Segmentation Targeting PositioningGoogle is beginning to trial parental targeting for display ads, enabling advertisers to target their ads based on parental status. With the new feature, advertisers running display campaigns through Adwords will able to select ‘parent’, ‘non-parent’, or ‘unknown’ when setting their ad targeting.
 
The feature is only available to a select handful of advertisers in the US, with no official comment from Google on an international rollout, but it has got us thinking about what this means for advertisers, and indeed what it means for web users.
 

Segmentation, Targeting and Positioning

Despite being the backbone of marketing planning, segmentation, targeting and positioning have traditionally been hard to get right, with advertisers accepting that a certain proportion of those seeing their ads will not be interested in their product. Digital advertising has improved this situation.
 
Through Adwords, display advertisers can already target particular market segments based on age, gender, location, interests, and previous interactions with a website. Additional layers of segmentation can only be a benefit to advertisers, enabling us to precisely pinpoint target customers and reduce the amount of wasted ad spend.
 

A Glimpse Of The Future

Just imagine the potential that parental targeting brings.

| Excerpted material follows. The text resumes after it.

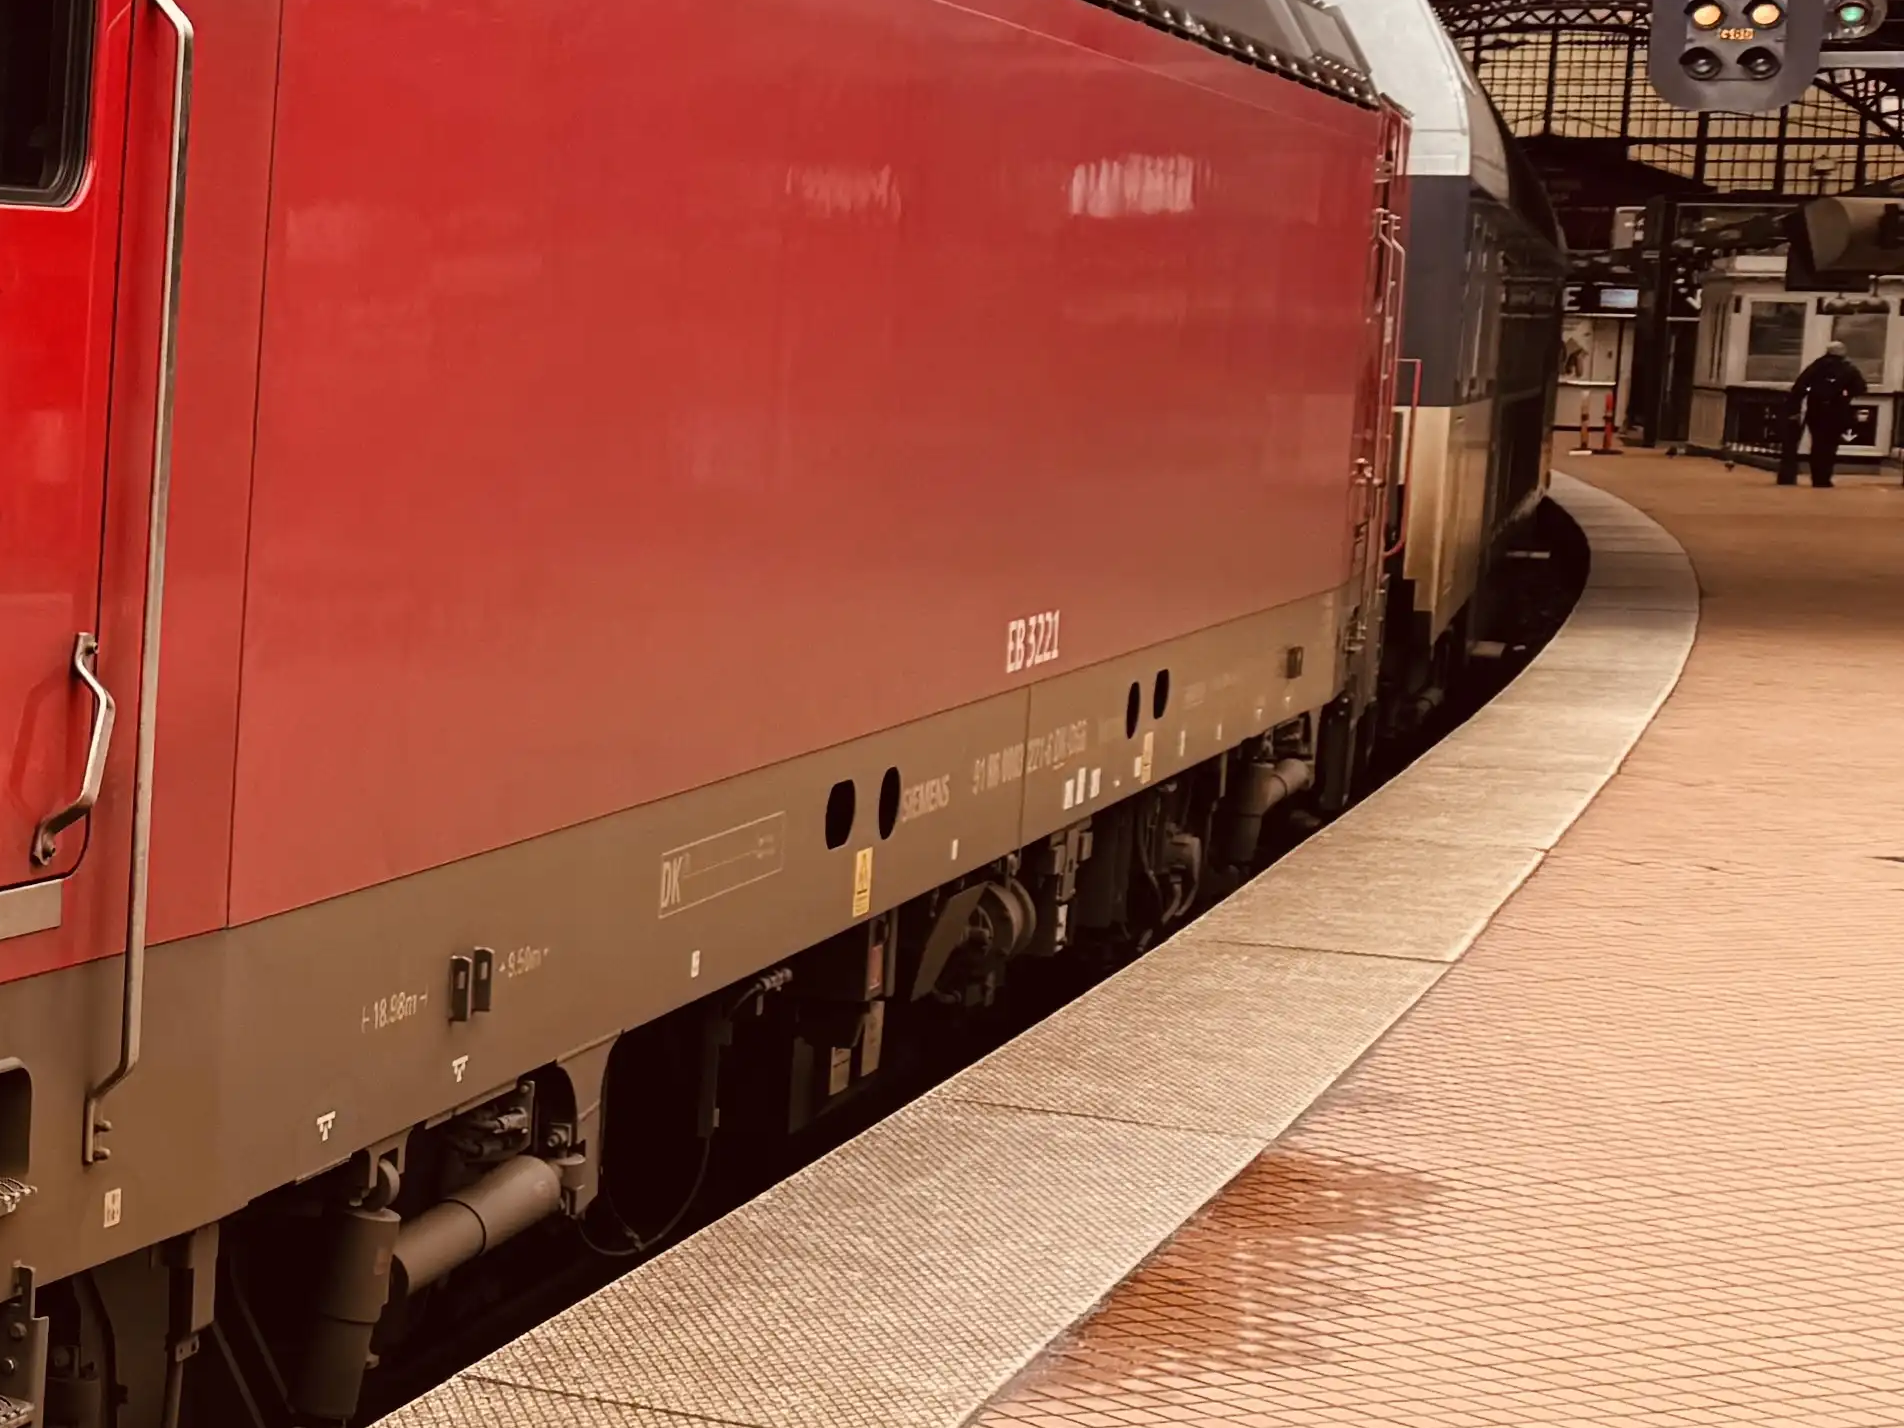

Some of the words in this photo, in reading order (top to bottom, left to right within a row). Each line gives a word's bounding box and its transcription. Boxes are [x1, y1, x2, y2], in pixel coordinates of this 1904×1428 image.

[1006, 618, 1026, 673] EB
[1026, 609, 1060, 668] 3221
[661, 856, 684, 909] DK
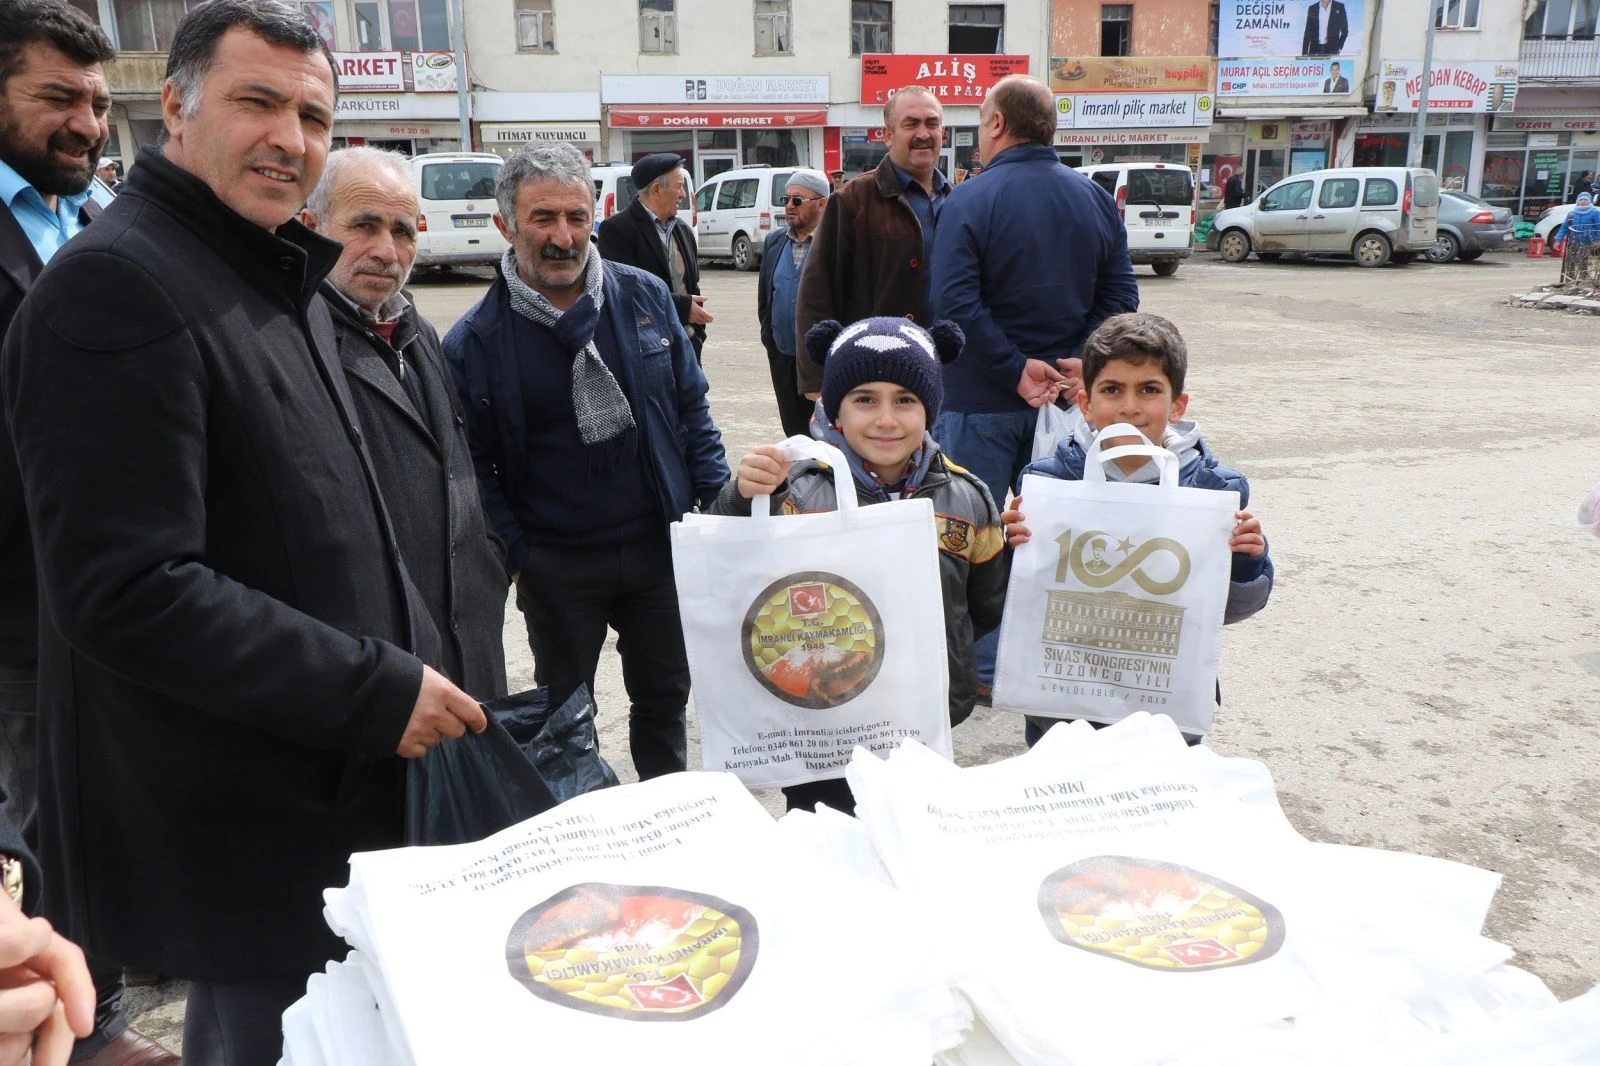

Rather than just targeting placements that are related to parenthood, we will be able to specifically show ads to those fresh-faced parents as they get home with their new arrivals.
 
Right now we don’t know what percentage of users are included in Google’s ‘unknown’ parental status category, but if it is low (signifying that Google has the data to make this work well) then we may see additional targeting methods popping up over the coming months and years. Perhaps soon we will be able to target based on weight, cultural origin, affluence, or any other factors which may affect shopping habits.
 

Good News For Advertisers

Additional targeting is good news for advertisers for obvious reasons. It allows us to take the proportion of ad spend that would previously have been wasted and reapply it to better targeted user segments. We can also adjust our ad positioning, running different ad sets that appeal better to more specific sets of users.
 

Good News For Everyone

There are privacy concerns, but the issue is with Google having access to this data, not with them making it available for advertisers to use. The data is fully anonymised, only Google knows which users are in which segments, and so the concern should be with Google’s access to the data, not with advertisers’ use of it.
 
Although there are many who claim that ads will never be engaging, the success of retargeting, native advertising (where relevant ads are shown within relevant content), and indeed the success of online advertising in general, shows that we do prefer ads that are relevant to us. With increased targeting abilities, users will see more useful ads.
 
Despite the predictable backlash related to privacy concerns, the potential of this feature is incredible, and this could be a glimpse of the future targeting options for online advertisers.